Hippie principles guide
a sweet bee partnership
A bee by nature is a well-behaved creature, unlikely to sting unless threatened. No pre-emptive strikes in bee-dom.
Richard Spiegel related this as he reached into a humming hive and removed a frame crawling with bees. He was entirely un-armored. No net, no protective suit.
"You have to move really slowly," he said softly. "They don't like it if you move fast, so it forces me, as an A-type personality, to slow down."
As if to prove the point, Spiegel accidentally dropped the frame. The bees buzzed upward in an unfriendly cloud.
"Probably," he said casually to a visiting photographer, "it would be best to leave now."
Spiegel owns Volcano Island Honey Co., producer of a white honey that has found a national niche on such upscale shelves as those of Neiman Marcus.

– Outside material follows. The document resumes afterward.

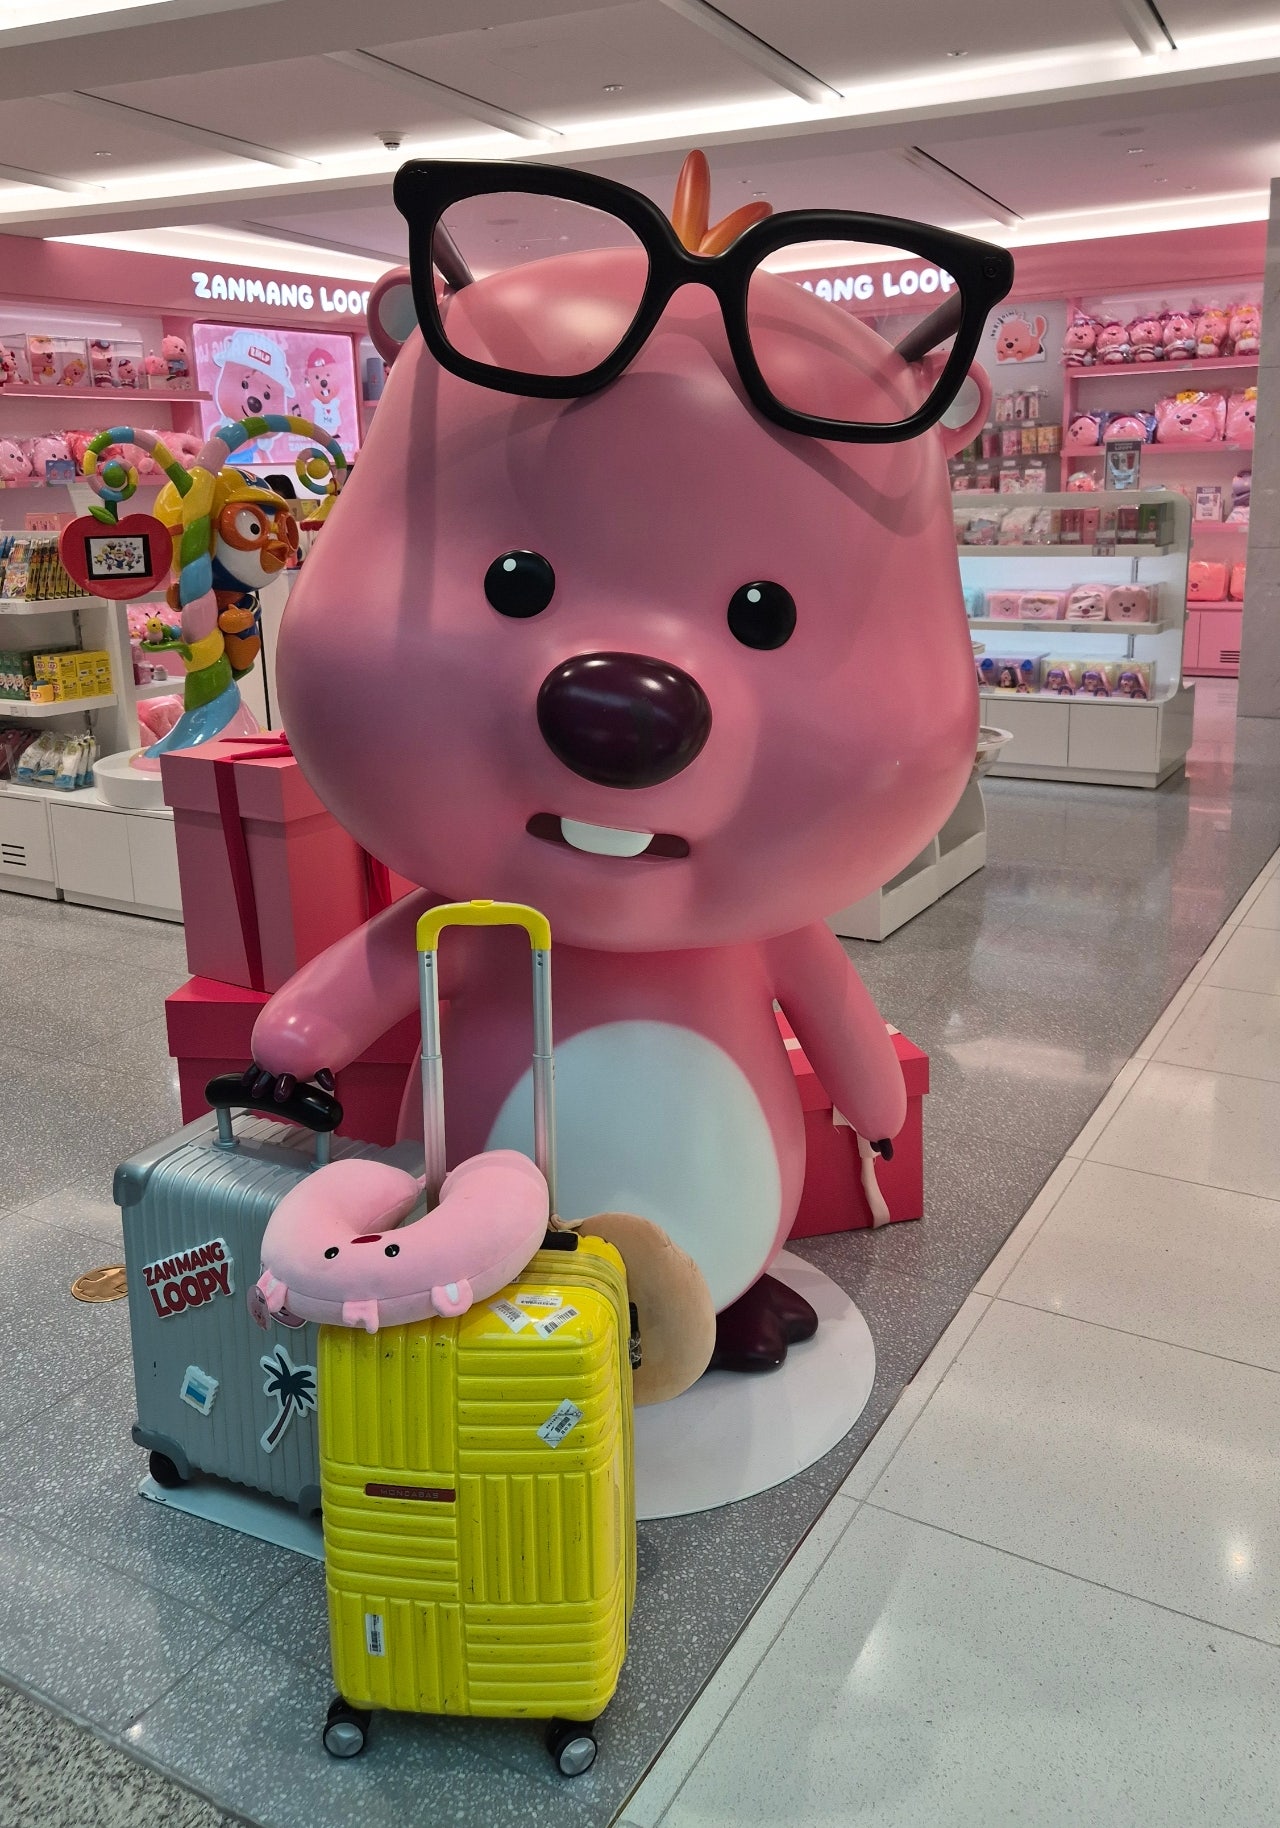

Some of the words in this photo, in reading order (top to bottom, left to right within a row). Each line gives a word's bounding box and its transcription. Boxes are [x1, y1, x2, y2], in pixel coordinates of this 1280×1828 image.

Spiegel's interest in bees goes back more than 20 years. "I'm a retired hippie, and I dropped out of being a lawyer in the '70s," he said. "I've come back to see if it's possible to run a business with the principles of that hippie era."
These principles include building massages into his employees' four-day workweek and allowing ocean swimming as part of each workday.
Spiegel employs seven to 10 people, depending on season, but his real workers are the bees. He maintains just more than 100 hives in the lava fields of Puako on the Kohala Coast, where the bees collect nectar from a grove of kiawe trees. Conditions are sunshiny and desertlike, but the trees are naturally irrigated by an underground source of brackish water.
Each colony consists of a queen, raised by a breeder in Kona, and 50,000 workers. They live in white boxes that Spiegel's crew fits with frames set with beeswax. The bees, in the natural course of things, fill the beeswax cells with honey. They also raise more bees in another part of the hive, which perpetuates the project.
Bee trivia, Part 1, how bees make honey: "They flap their wings in the hive," Spiegel said. This dehydrates the kiawe nectar so that only 15 percent water is left. This, plus an enzyme that the bee adds to the nectar, produces honey.
Each frame in each hive is checked weekly so that it is removed when the honey is just right. Too soon, it will ferment; too late, it will crystallize in the honeycomb.
Processing happens at the honey house on Spiegel's homestead, miles away in cool, green Ahualoa, near Honokaa. Here the honey is removed and jarred.
Bee trivia Part 2, cleanup: The bees do it. Compulsive workers that they are, they collect any honey left in the beeswax after processing and carry it to new hives to make new honey.
The company's Rare Hawaiian Organic White Honey (the kiawe blossoms produce a thick, naturally white product) comes plain or flavored with ginger or lilikoi. Spiegel also produces a winter honey made in the off-season (November to March) of wildflowers in the Ahualoa area.
Spiegel sees his operation as co-op of man and bee. "We always allow them to have enough honey for their own needs. We just go into their savings account, like Robin Hood."